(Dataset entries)
>>>>>
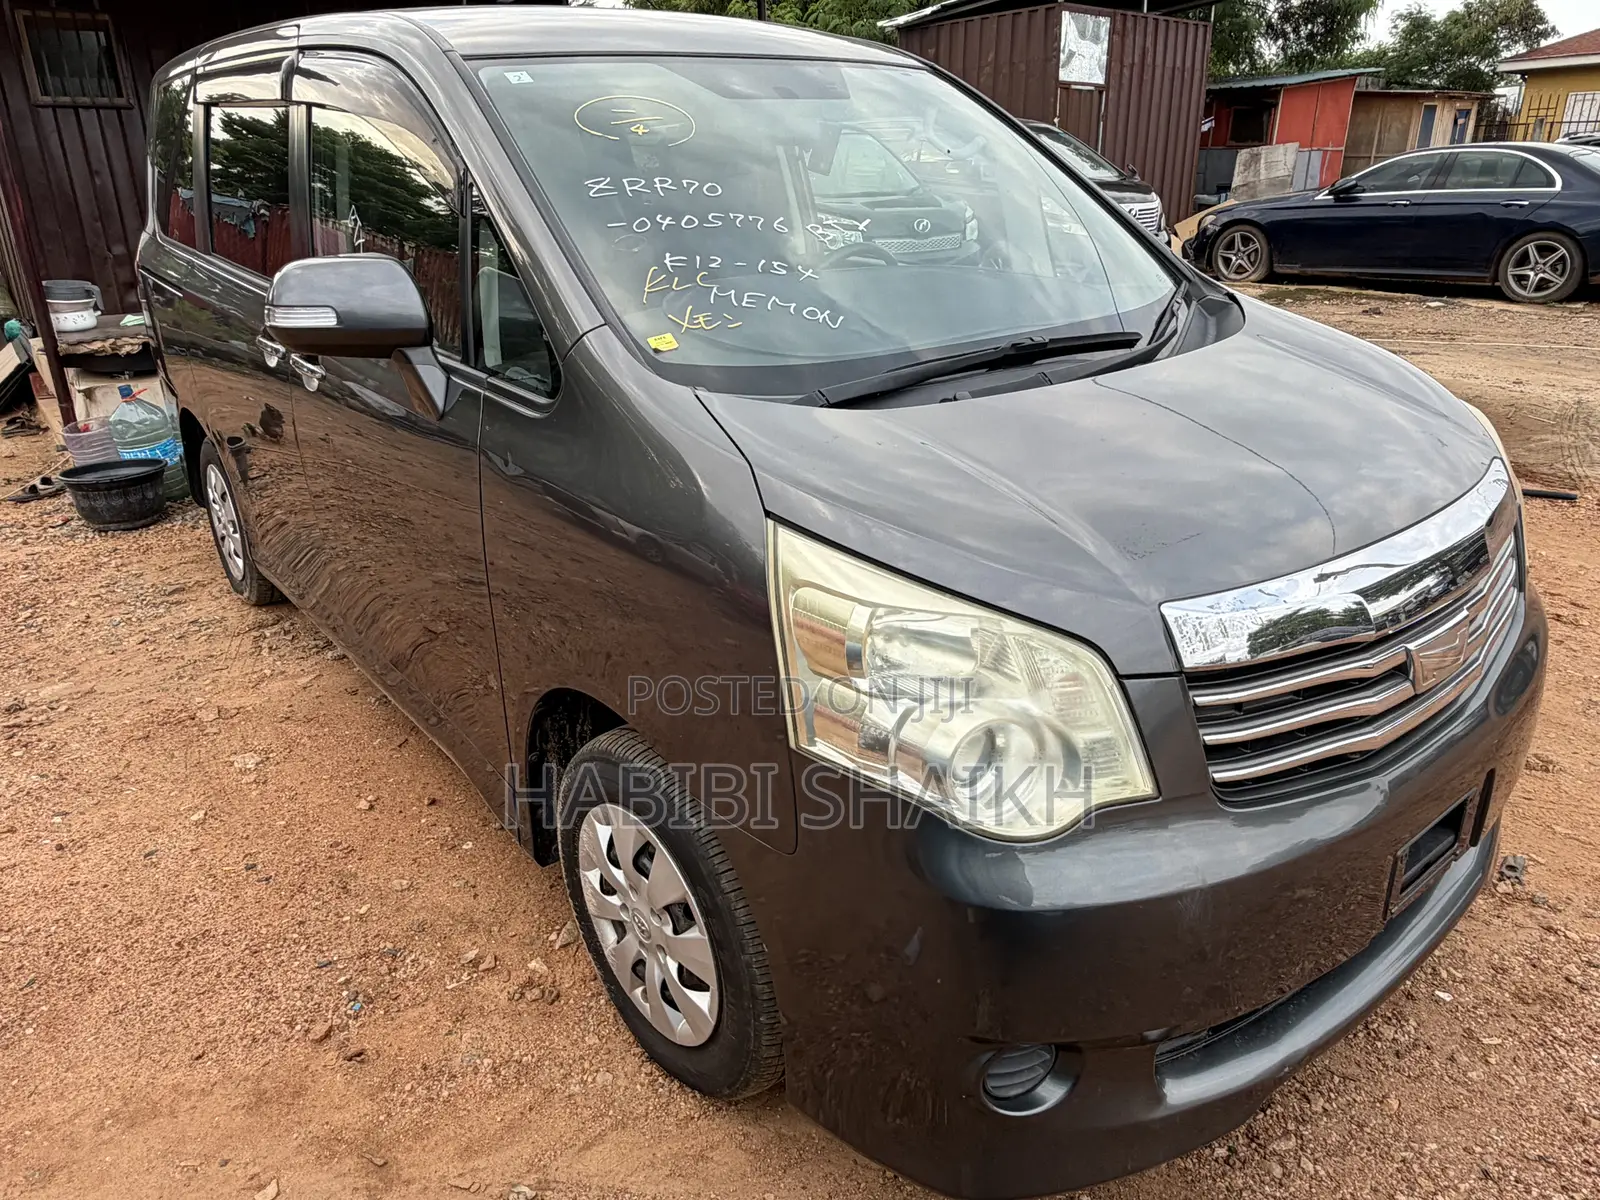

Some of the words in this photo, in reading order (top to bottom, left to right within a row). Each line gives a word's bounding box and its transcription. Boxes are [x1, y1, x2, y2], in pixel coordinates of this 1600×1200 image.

[629, 123, 650, 136] 4
[583, 176, 723, 198] ZRR70
[606, 212, 790, 233] -0405776
[710, 286, 845, 330] MEMON
<<<<<
* [AIM OF THE TASK]:
Every line above should be reproduced exactly, please, with no pictures included.

* [RESULT OF THE EXERCISE]:
Some of the words in this photo, in reading order (top to bottom, left to right within a row). Each line gives a word's bounding box and its transcription. Boxes are [x1, y1, x2, y2], in pixel coordinates of this 1600×1200 image.

[629, 123, 650, 136] 4
[583, 176, 723, 198] ZRR70
[606, 212, 790, 233] -0405776
[710, 286, 845, 330] MEMON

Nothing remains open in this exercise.